I was an alternate, meaning my function was to hear the evidence and be there should one of the jurors be unable to continue. It was a short, though slow-moving trial. I fought drowsiness through parts of it, mostly because the courtroom was so quiet and trials often get bogged down in minutiae.court-photo

Listening to three psychiatrists talk about his mental illness was interesting. What struck me were the terms used to describe the symptoms: disorganized thought, delusions of grandeur, inability to perceive reality or form sentences that make sense. “Poverty of thought” was another that intrigued me. So was “lack of insight.” Seems like these terms could describe us all from time to time.

On Monday, the man I’ll call Ray took the witness stand. He didn’t want this conservatorship. In quiet tones and flat affect, he told us he would take his meds if he were released, that he knew he was schizophrenic. He had a shaved head, a Fu Manchu and tiny tattoos of crosses on his temples near his eyes.

We had seen him shambling in and out of the courtroom each day with attendants from the mental hospital, arms not moving by his side, mouth always slightly open under the mustache. We hadn’t yet heard him speak. Now he was talking to us in terms that seemed to make sense.

Then without any change of tone or expression, he began telling us that he was also a NASA engineer. That, though he was 27, he had received a PhD from El Camino Community College in the 1980s. That he was an astronaut, a pilot who flew for Continental Airlines, which his father owned. That he had millions of dollars in the bank, owned an apartment complex, had a twin brother, that police chloroformed him and shaved his eyebrows.

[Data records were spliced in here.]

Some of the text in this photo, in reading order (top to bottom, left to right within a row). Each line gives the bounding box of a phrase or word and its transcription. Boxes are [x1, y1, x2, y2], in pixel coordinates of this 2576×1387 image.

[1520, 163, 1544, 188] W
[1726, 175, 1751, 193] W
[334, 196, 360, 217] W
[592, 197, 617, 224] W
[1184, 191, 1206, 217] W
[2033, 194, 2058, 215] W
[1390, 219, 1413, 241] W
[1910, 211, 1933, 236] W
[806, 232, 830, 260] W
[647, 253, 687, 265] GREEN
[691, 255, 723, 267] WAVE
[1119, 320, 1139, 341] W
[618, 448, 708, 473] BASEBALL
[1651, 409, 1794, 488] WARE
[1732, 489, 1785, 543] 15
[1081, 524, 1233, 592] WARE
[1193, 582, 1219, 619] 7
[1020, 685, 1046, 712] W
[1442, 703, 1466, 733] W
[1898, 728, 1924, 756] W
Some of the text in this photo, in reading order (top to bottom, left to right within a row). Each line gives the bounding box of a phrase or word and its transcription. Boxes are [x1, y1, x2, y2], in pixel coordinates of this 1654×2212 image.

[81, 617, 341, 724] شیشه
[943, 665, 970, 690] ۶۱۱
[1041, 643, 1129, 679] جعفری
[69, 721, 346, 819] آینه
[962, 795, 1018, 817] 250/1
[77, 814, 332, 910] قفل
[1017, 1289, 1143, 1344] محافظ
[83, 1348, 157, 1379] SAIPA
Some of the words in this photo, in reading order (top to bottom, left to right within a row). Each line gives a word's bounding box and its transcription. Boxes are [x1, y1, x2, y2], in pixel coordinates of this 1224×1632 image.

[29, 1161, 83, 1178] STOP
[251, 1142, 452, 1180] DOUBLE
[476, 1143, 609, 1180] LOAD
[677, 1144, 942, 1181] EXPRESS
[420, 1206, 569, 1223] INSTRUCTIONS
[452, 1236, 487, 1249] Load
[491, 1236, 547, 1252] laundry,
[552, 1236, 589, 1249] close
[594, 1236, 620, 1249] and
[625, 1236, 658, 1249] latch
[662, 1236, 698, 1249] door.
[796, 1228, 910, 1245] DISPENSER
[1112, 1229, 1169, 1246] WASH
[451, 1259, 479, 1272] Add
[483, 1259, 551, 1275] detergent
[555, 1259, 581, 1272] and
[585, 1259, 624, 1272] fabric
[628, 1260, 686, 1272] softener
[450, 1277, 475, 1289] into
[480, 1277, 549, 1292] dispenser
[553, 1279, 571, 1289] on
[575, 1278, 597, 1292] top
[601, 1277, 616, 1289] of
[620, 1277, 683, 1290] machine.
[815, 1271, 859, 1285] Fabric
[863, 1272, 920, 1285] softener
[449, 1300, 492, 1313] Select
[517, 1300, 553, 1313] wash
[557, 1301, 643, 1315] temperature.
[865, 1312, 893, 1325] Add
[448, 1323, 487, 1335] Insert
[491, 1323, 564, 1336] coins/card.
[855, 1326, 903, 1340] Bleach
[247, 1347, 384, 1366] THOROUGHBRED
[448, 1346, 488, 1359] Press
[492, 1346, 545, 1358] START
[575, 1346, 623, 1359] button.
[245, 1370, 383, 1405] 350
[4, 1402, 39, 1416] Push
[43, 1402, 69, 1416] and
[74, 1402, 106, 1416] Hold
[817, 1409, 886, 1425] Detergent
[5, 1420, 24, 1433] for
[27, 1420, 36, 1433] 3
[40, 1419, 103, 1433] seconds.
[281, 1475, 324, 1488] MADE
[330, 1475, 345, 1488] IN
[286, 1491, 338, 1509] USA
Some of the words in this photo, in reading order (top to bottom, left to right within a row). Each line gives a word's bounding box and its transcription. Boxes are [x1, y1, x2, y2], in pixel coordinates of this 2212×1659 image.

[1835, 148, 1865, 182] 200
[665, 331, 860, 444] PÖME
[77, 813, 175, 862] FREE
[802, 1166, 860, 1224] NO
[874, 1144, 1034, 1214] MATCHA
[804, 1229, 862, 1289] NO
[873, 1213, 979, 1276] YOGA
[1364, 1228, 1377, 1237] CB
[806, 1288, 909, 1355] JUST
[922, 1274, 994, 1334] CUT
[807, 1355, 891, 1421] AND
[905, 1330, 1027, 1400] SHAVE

He went on for about 10 minutes, a forlorn figure, lost in the tangle of his mind.

At one point, the bailiff walked over with some tissue for a woman on the jury who was crying.

The prosecutor, not given to expression, kept on asking questions of Ray with an agonized look on his face, wanting us to see the person and the reason we were there – that seeing real mental illness was necessary to do our job.

“This is a sad case,” he said.

I imagined Ray trying to take care of his basic needs – bathing, food. I couldn’t picture it. I imagined him on the street in some confrontation with police who would naturally see him as a menace, unaware of his illness. This collision would end badly — one that, even as he died, he wouldn’t understand. That was easier to see.

As a society, I believe, we have abdicated our responsibility for the mentally ill. Preferring not to pay taxes to do what we should, washing our hands of them. A few blocks from the courthouse are encampments of homeless people, some probably as ill and deluded as Ray. We have left it to police on the streets to be our frontline mental health professionals. Then we complain that officers have performed incorrectly when that combustible situation predictably goes wrong. That’s our fault.

My fellow dozen jurors, after a reasonable amount of debate in a room by themselves, determined that Ray qualified for the conservatorship, keeping him in the hospital, which is what I would have done.

Then, with the judge’s thanks, we all turned in our jurors badges and dispersed into Los Angeles.